South Florida Colocation Servers Racks dedicated servers Broward Hosting Terms of Use

1. Acceptance of Terms of Use and Amendments
Payment Terms: Payments are due in advance of service in U.S. dollars by the 5th of each month. Payments not received by this date are considered past due and the Company may (a) apply a late charge equal to 1.5% of the unpaid balance, (b) require a Security Deposit or other form of Security, and (c) terminate the Service being provided to Customer. Additional Bandwidth payments are due within 7 days of Invoice Date. Customer agrees to review each Invoice promptly and to report any dispute of Amount Due within 3 days of receipt of the Invoice.
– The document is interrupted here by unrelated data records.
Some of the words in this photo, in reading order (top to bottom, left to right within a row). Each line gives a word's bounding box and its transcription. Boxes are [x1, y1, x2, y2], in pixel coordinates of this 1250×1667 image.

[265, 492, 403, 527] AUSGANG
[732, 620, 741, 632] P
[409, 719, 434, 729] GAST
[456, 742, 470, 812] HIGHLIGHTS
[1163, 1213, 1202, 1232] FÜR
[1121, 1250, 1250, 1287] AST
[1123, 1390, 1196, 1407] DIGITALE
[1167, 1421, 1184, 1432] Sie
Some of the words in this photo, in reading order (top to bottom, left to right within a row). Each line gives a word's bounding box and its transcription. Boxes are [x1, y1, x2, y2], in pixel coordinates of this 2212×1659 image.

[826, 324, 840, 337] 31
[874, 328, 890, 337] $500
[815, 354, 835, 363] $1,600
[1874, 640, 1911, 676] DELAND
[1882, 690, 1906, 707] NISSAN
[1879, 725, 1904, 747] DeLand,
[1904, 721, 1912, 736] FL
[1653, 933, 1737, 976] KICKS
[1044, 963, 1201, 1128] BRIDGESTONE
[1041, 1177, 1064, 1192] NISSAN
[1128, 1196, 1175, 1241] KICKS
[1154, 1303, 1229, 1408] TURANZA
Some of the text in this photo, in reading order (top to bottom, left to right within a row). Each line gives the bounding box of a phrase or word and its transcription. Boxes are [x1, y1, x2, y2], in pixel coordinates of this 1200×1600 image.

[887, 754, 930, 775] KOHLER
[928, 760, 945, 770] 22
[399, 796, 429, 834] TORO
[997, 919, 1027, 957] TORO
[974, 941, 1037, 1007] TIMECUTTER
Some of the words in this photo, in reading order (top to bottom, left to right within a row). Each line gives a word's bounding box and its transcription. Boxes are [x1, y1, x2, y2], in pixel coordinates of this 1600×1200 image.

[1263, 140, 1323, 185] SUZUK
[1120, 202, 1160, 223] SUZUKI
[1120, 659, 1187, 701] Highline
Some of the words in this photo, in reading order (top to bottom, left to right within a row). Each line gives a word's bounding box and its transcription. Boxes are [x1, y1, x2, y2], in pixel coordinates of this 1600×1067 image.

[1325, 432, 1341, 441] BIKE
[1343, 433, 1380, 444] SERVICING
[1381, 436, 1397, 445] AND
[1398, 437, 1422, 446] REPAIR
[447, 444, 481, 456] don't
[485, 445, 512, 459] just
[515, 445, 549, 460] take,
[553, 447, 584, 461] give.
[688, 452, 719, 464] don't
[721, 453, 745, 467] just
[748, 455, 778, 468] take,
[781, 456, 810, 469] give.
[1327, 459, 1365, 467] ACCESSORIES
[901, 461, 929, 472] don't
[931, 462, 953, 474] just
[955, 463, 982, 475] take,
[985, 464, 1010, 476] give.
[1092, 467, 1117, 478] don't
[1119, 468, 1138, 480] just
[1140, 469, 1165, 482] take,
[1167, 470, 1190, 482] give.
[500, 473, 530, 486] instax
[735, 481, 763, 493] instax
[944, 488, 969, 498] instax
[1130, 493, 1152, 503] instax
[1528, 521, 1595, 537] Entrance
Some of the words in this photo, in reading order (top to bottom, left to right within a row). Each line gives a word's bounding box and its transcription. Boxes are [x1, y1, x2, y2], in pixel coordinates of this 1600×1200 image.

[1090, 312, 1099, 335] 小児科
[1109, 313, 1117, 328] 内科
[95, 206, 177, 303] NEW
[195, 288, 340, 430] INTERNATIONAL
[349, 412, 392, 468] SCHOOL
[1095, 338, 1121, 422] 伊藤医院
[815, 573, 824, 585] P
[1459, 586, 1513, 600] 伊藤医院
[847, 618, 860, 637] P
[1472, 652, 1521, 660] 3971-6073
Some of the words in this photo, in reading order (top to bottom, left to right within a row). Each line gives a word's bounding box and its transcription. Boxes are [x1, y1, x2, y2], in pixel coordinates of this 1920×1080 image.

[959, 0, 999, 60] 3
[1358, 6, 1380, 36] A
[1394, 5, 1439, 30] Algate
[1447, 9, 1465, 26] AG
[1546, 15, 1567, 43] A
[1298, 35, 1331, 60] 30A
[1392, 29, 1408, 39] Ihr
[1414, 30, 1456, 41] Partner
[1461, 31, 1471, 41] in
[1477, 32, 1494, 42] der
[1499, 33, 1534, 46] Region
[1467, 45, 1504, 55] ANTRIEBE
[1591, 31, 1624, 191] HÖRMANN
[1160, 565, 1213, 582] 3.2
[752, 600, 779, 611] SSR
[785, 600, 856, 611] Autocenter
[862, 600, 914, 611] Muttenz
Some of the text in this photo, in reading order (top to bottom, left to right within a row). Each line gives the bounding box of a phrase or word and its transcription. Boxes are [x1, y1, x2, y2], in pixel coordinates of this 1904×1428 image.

If Customer does not report a dispute within this time period, Customer shall have waived its right to dispute that Invoice.

Governing Law:
This Agreement shall be governed by the Laws of the State of Florida without regard to its principles of choice of law.

Notices:
All notices and other communications hereunder shall be in writing and shall be deemed to have been given as of the date of confirmed delivery, email delivery, or confirmed facsimile transmission. To be effective, Notices must be delivered either by US Postal Service to: Broward Hosting, LLC, PO Box 292037, Davie, Fl 33329 USA. , billing@browardhosting.com, or via facsimile at: (954) 581-0283.

Waiver of Breach not Deemed Continuing:
The waiver by either party of a breach or violation of any provision of this Agreement shall not operate or be construed as a waiver of any subsequent breach hereof.

Bankruptcy:
In the event of a bankruptcy or insolvency of either party, or if either party makes an assignment for the benefit of creditors, or takes advantage of any act or law for relief from debtors, the other party shall have the right to terminate this Agreement without further obligation or liability. Privacy Statement.

Business Relationship:
You are responsible to maintain the confidentiality of your password and shall be responsible for all uses via your registration and/or login, whether authorized or unauthorized by you. You agree to immediately notify us of any unauthorized use or your registration, user account or password.

Indemnity:
Each party shall indemnify, defend, release, and hold harmless the other party from and against any action, claim, court cost, damage, demand, expense, liability, loss, penalty, proceeding, or suit together with related attorney's fees and costs (collectively Claims) for damage to property or personal injuries, including death, as a result of an intentional or negligent act or omission on the part of the indemnifying party in connection with the performance of this Agreement or other activities relating to the Service, the property, or the facilities which are the subject of this Agreement. In the event a Claim relates to negligence of both parties, the relative burden of the Claim shall be attributed equitably between the parties in accordance with the principles of comparative negligence. The term Property shall include real, personal, tangible, and intangible property, including but not limited to data, proprietary information, intellectual property, trade secrets, trademarks, or service marks, licensing agreements, copyrights patents and knowledge. The term Personal Injuries shall also include claims of libel, slander, or invasion of privacy arising directly or indirectly out of the provision of Service pursuant to this Agreement. In the event any action is brought against the indemnified party, such party shall immediately notify the indemnifying party in writing, and the indemnifying party, upon request, shall assume the cost of the defense on behalf of the indemnified party. The indemnifying party shall pay all expenses incurred by and satisfy all judgments rendered against the indemnified party provided that the indemnifying party shall not be liable for any settlement effected without its written consent.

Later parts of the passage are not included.